But Collins says we must look for Atlantis in the place where Plato said it was all along: the Atlantic. In the Critias, he records that the island had a vast, irrigated plain that "stretched for three thousand stadia [552km] in one direction, and at its centre, for two thousand [368km] inland from the coast".

To the north, west and east were "mountain ranges" stretching to the shoreline, and the southern end of the plain was at sea level and housed the great capitol. Plato was thus describing an east-west oriented island, perhaps as little as 700km by 400km in size.

The great size attributed to Atlantis by Plato refers not to the "home" island, but to the extent of the empire over which the Kings of Atlantis held dominion. The Empire consisted of a series of islands that lay in front of the "opposite continent". But if the opposite continent was the Americas, and thus the series of islands referred to situated on the West Atlantic seaboard, then how could Plato, writing in 350 BC, know of their existence? After all, America was discovered by Christopher Columbus in 1492.

Yet there is evidence to suggest that there was transatlantic contact thousands of years before Columbus. In Paris in 1976, the mummy of Egyptian Pharaoh Ramses II was found to contain tobacco.

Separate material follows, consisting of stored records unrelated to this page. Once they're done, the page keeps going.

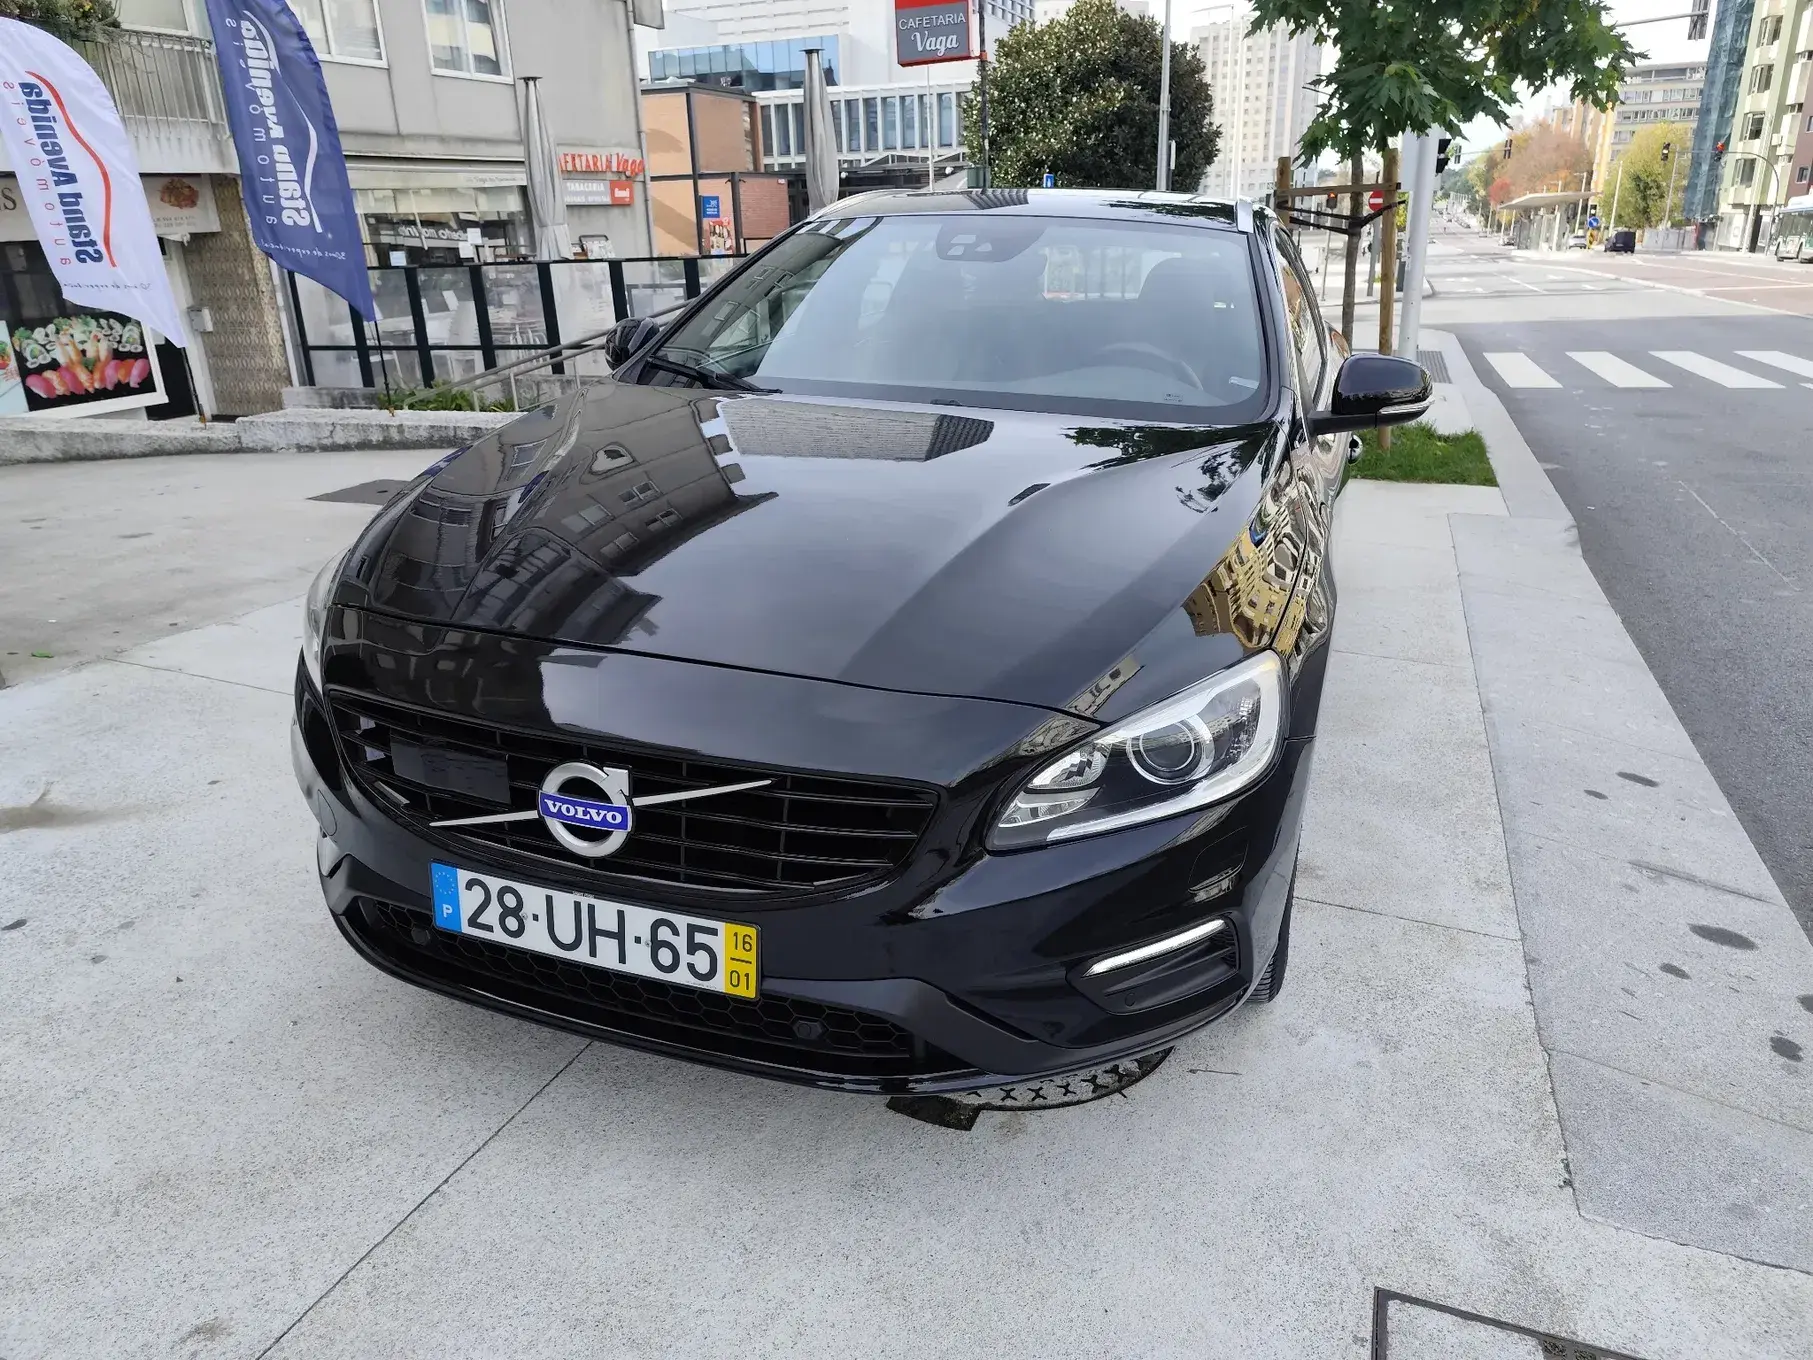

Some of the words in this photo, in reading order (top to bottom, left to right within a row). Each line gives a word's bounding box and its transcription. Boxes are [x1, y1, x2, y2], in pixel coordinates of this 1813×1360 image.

[899, 12, 966, 30] CAFETARIA
[911, 30, 959, 57] Vaga
[544, 799, 622, 824] VOLVO
[442, 903, 453, 918] P
[733, 931, 753, 952] 16
[729, 970, 750, 991] 01
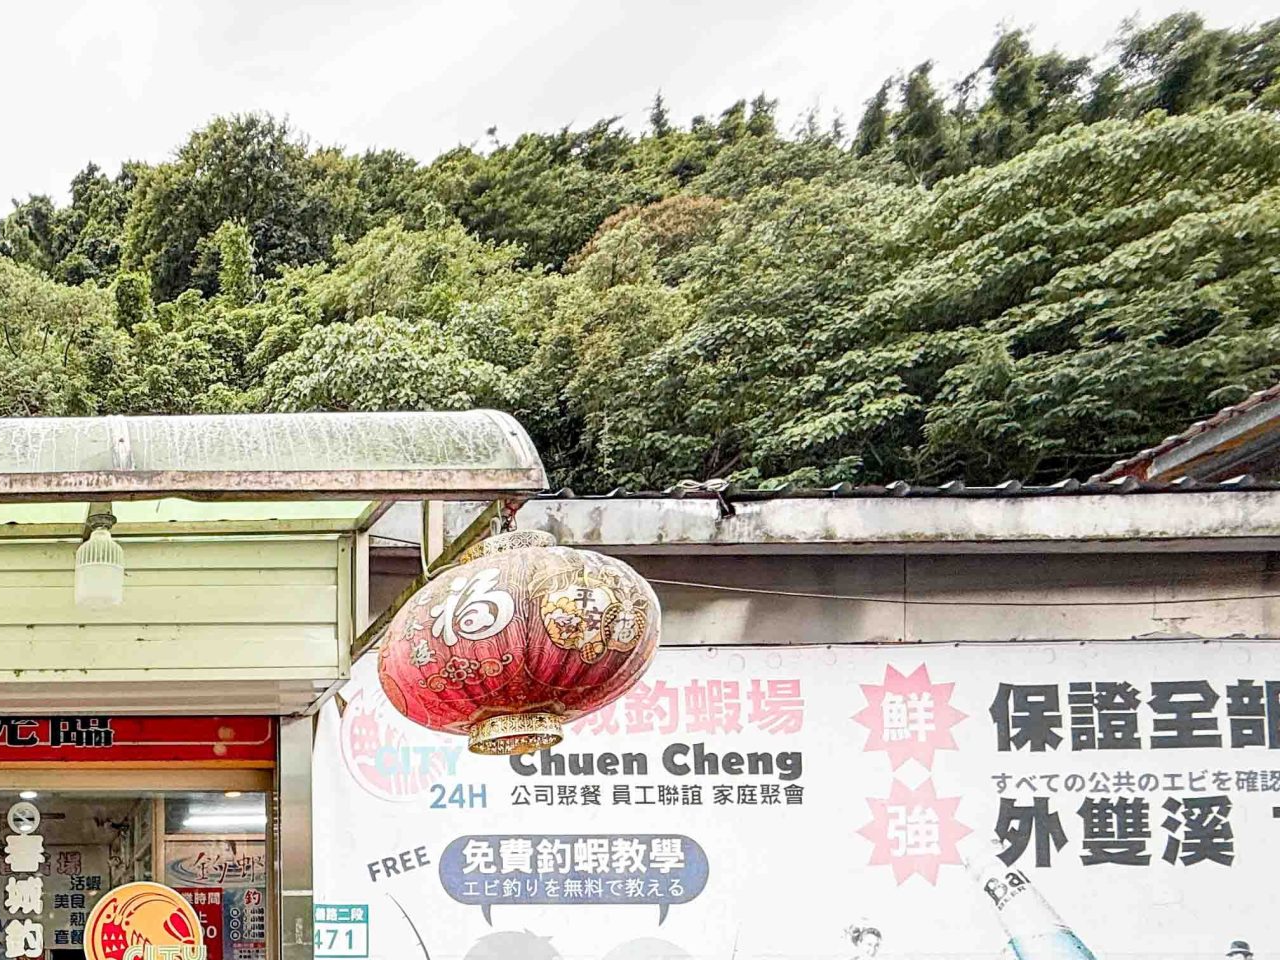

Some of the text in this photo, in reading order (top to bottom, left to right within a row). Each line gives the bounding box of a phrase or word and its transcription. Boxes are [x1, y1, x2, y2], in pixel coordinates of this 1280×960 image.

The implications were clear; the tobacco plant, thought to have been introduced to the west by Sir Walter Raleigh was known in the Ancient World as early as 1200 BC.

In 1992, the German toxicologist Svetlana Balabanova examined mummies in the Munich Museum. Extensive evidence was found of high amounts of cocaine having been absorbed into the bodies. Cocaine is the active ingredient of the coca plant, native only to the Americas. Thus the possibility stands that coca leaves were being imported to Ancient Egypt via transoceanic contact with the Americas.

Also, in the eastern provinces of Mexico are great stone heads, each weighing several tonnes, positioned at the centres of the Olmec peoples who thrived between 1200 and 400 BC. They display Negroid features, suggesting the presence of black Africans in the American continent at this time. Other statues show Semitic features, suggesting contact with Mediterranean seafarers.

AND the evidence mounts. As a consequence of the submergence of Atlantis, Plato tells us "the outer ocean [the Atlantic] cannot be crossed or explored, the way being blocked by mud, just below the surface, left by the settling down of the island". This can only have been what we call the Sargasso Sea; the free floating seaweed stretching between the Azores and the Bahamas. The Bahamas are notorious for shallow banks and take their name from the Spanish "baja mar", meaning shallow sea.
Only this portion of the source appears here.